Torch.rb

:fire: Deep learning for Ruby, powered by LibTorch

Check out:

Build Status

Installation

First, download LibTorch. For Mac arm64, use:

curl -L https://download.pytorch.org/libtorch/cpu/libtorch-macos-arm64-2.5.0.zip > libtorch.zip
unzip -q libtorch.zip

For Linux x86-64, use the cxx11 ABI version. For other platforms, build LibTorch from source.

Then run:

bundle config build.torch-rb --with-torch-dir=/path/to/libtorch

And add this line to your application’s Gemfile:

gem "torch-rb"

It can take 5-10 minutes to compile the extension. Windows is not currently supported.

Getting Started

A good place to start is Deep Learning with Torch.rb: A 60 Minute Blitz.

Tutorials

Examples

API

This library follows the PyTorch API. There are a few changes to make it more Ruby-like:

  • Methods that perform in-place modifications end with ! instead of _ (add! instead of add_)
  • Methods that return booleans use ? instead of is_ (tensor? instead of is_tensor)
  • Numo is used instead of NumPy (x.numo instead of x.numpy())

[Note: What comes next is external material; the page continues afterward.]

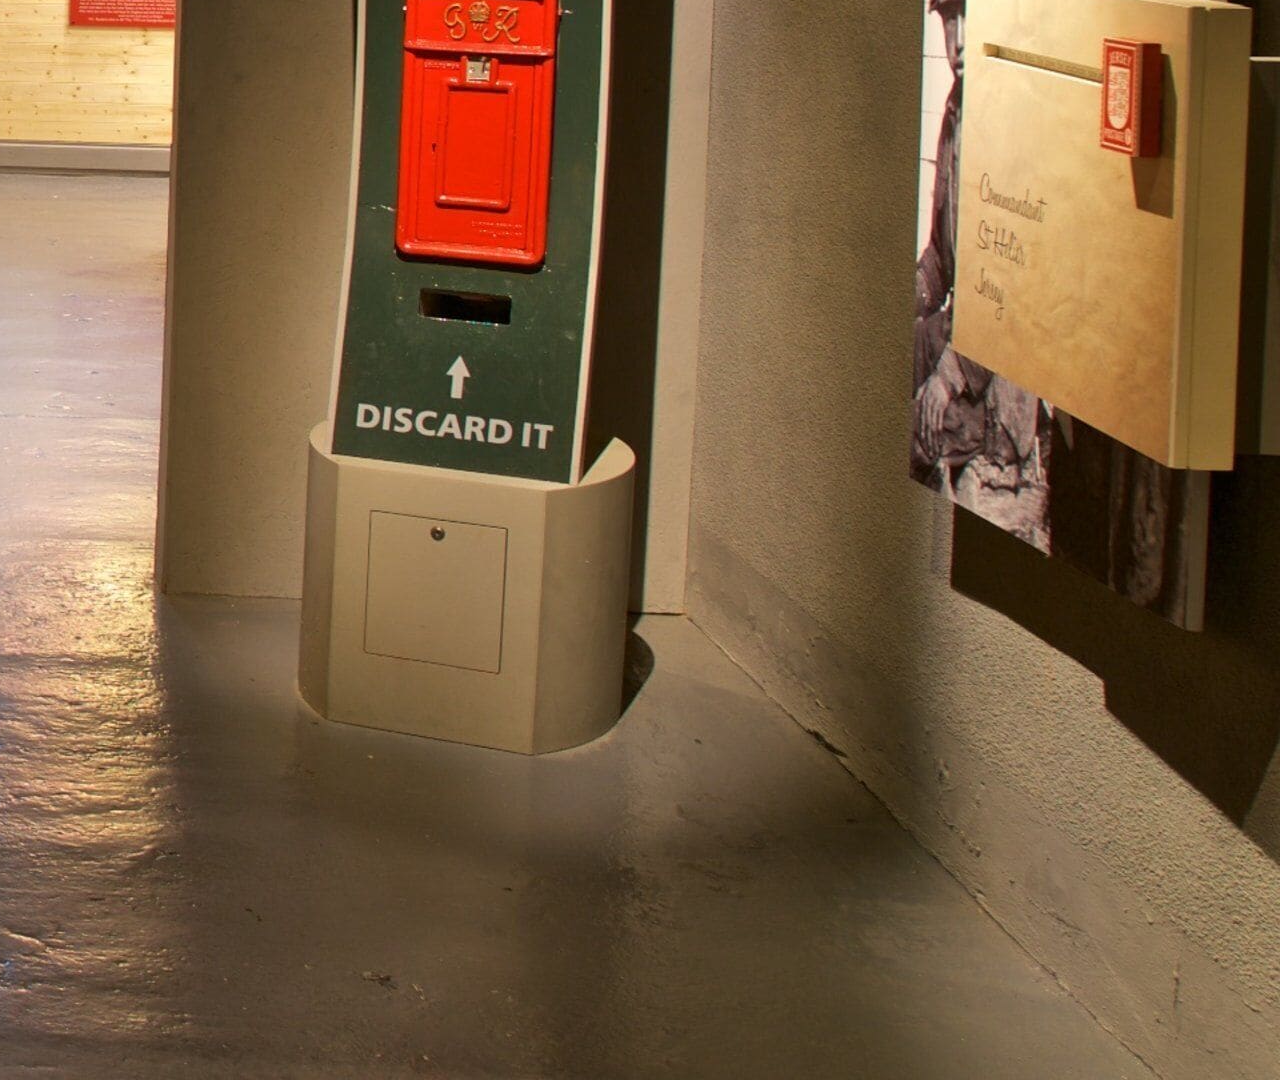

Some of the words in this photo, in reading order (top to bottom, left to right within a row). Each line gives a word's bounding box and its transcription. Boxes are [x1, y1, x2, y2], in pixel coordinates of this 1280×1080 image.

[976, 220, 994, 250] St
[356, 403, 513, 445] DISCARD
[521, 422, 554, 450] IT
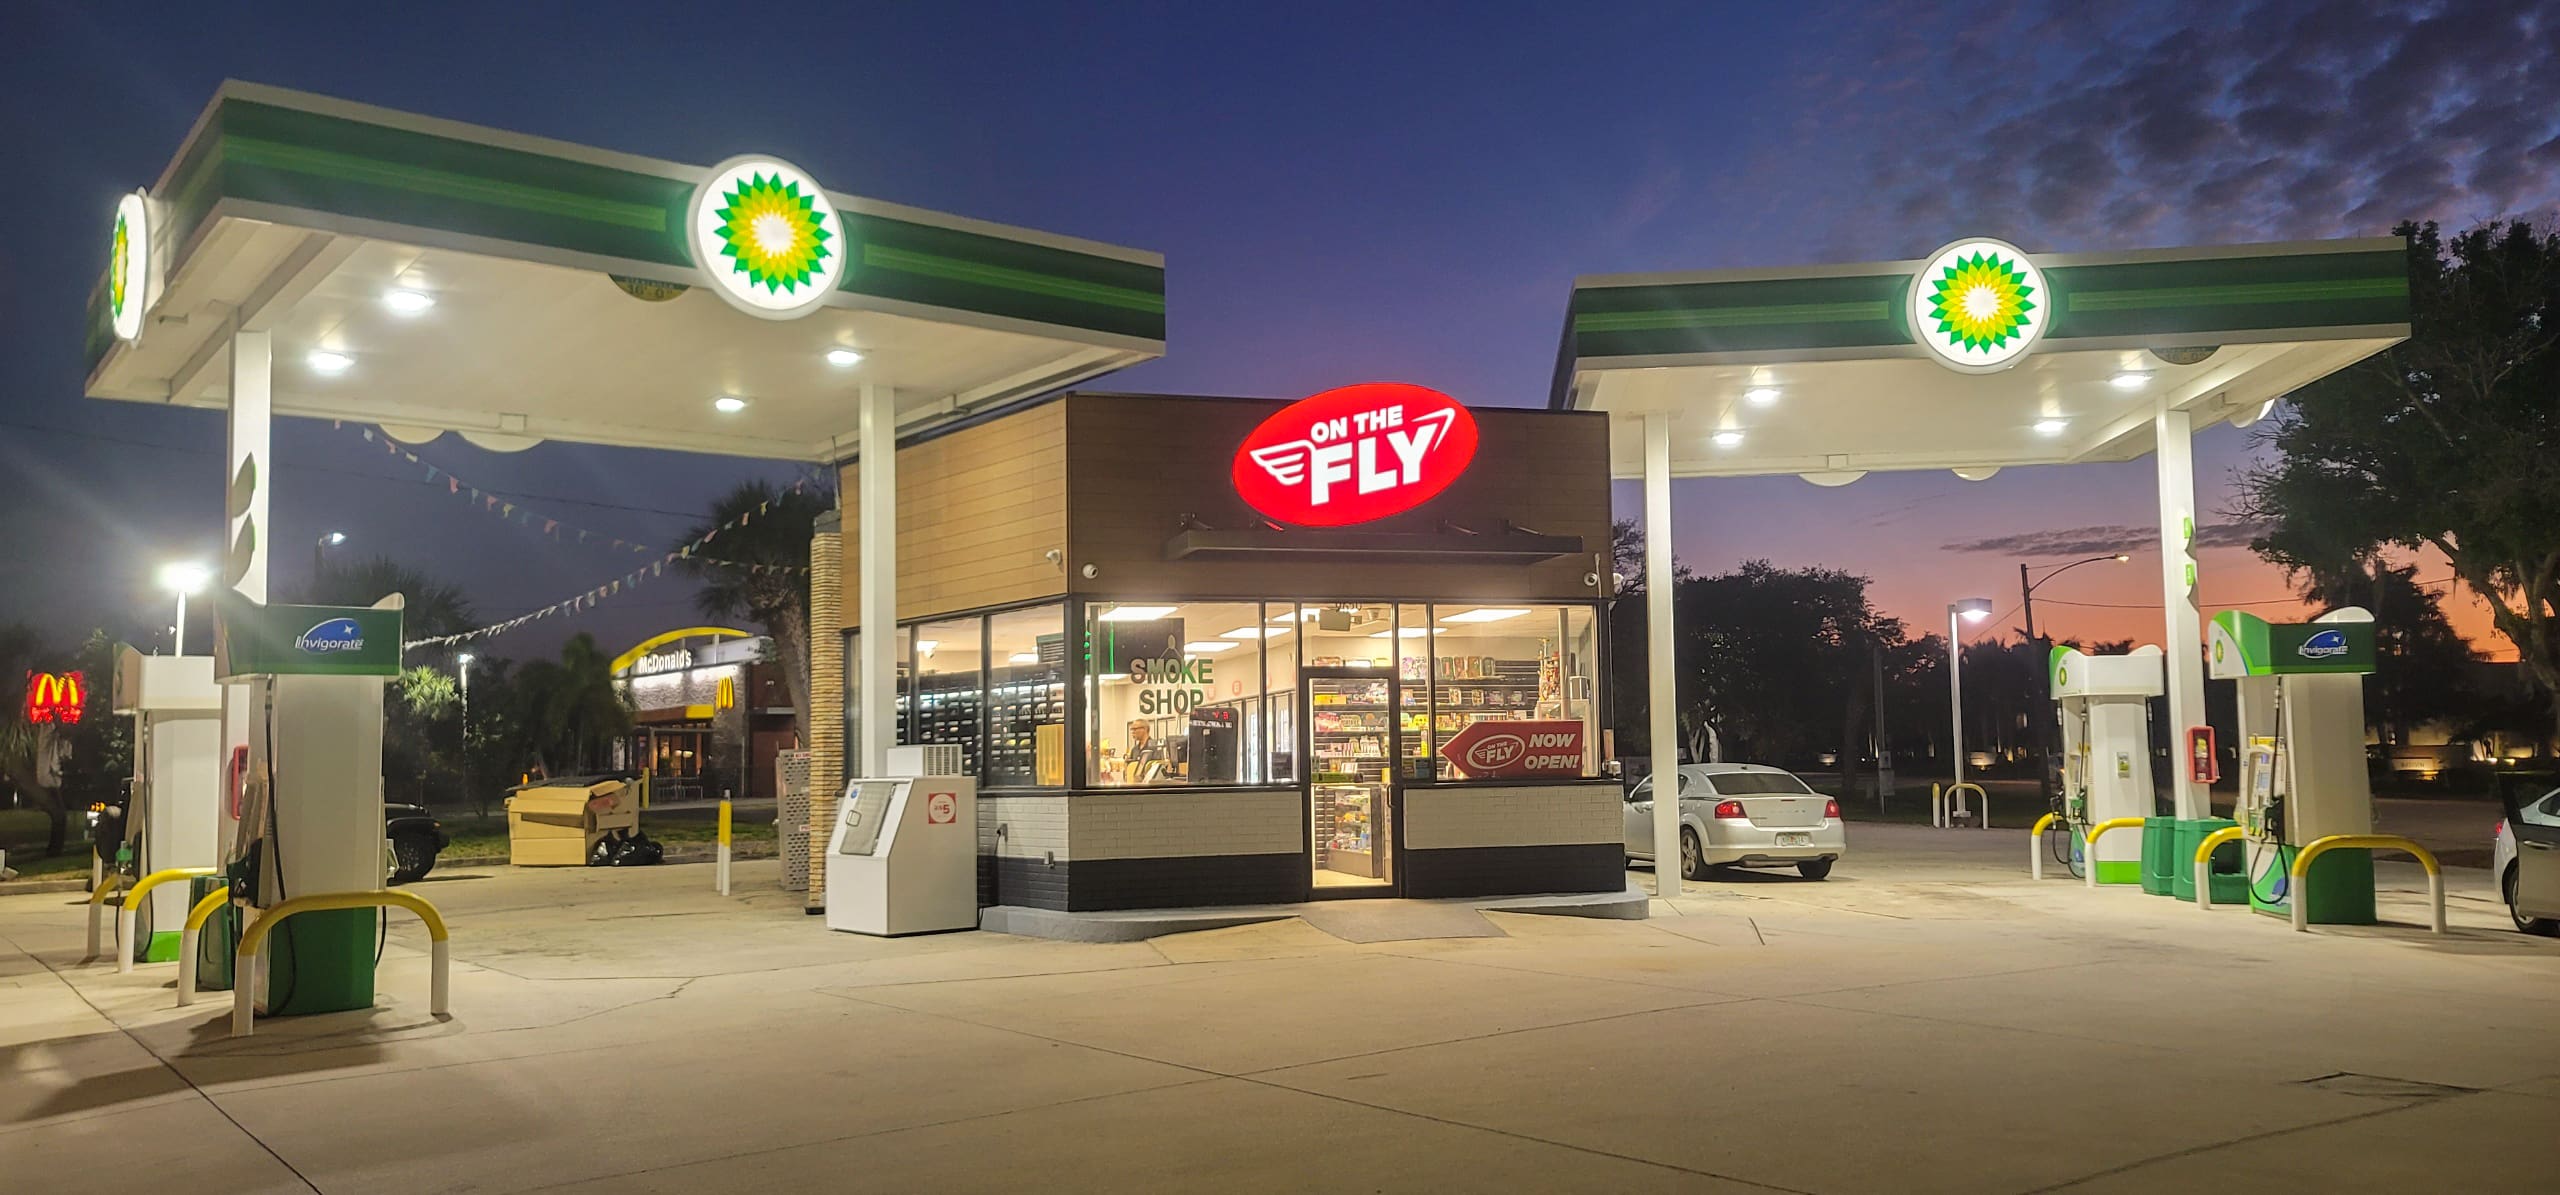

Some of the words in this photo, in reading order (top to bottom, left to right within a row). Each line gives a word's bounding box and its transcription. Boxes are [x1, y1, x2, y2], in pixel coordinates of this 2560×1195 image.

You can follow PyTorch tutorials and convert the code to Ruby in many cases. Feel free to open an issue if you run into problems.

Overview

Some examples below are from Deep Learning with PyTorch: A 60 Minutes Blitz

Tensors

Create a tensor from a Ruby array

x = Torch.tensor([[1, 2, 3], [4, 5, 6]])

Get the shape of a tensor

x.shape

There are many functions to create tensors, like

a = Torch.rand(3)
b = Torch.zeros(2, 3)

Each tensor has four properties

  • dtype - the data type - :uint8, :int8, :int16, :int32, :int64, :float32, :float64, or :bool
  • layout - :strided (dense) or :sparse
  • device - the compute device, like CPU or GPU
  • requires_grad - whether or not to record gradients

You can specify properties when creating a tensor

Torch.rand(2, 3, dtype: :float64, layout: :strided, device: "cpu", requires_grad: true)

Operations

Create a tensor

x = Torch.tensor([10, 20, 30])

Add

x + 5 # tensor([15, 25, 35])

Subtract

x - 5 # tensor([5, 15, 25])

Multiply

x * 5 # tensor([50, 100, 150])

Divide

x / 5 # tensor([2, 4, 6])

Get the remainder

x % 3 # tensor([1, 2, 0])

Raise to a power

x**2 # tensor([100, 400, 900])

Perform operations with other tensors

y = Torch.tensor([1, 2, 3])
x + y # tensor([11, 22, 33])

Perform operations in-place

x.add!(5)
x # tensor([15, 25, 35])

You can also specify an output tensor

result = Torch.empty(3)
Torch.add(x, y, out: result)
result # tensor([15, 25, 35])

Numo

Convert a tensor to a Numo array

a = Torch.ones(5)
a.numo

Convert a Numo array to a tensor

b = Numo::NArray.cast([1, 2, 3])
Torch.from_numo(b)

Autograd

Create a tensor with requires_grad: true

x = Torch.ones(2, 2, requires_grad: true)

Perform operations

y = x + 2
z = y * y * 3
out = z.mean

Backprop

out.backward

Get gradients

x.grad # tensor([[4.5, 4.5], [4.5, 4.5]])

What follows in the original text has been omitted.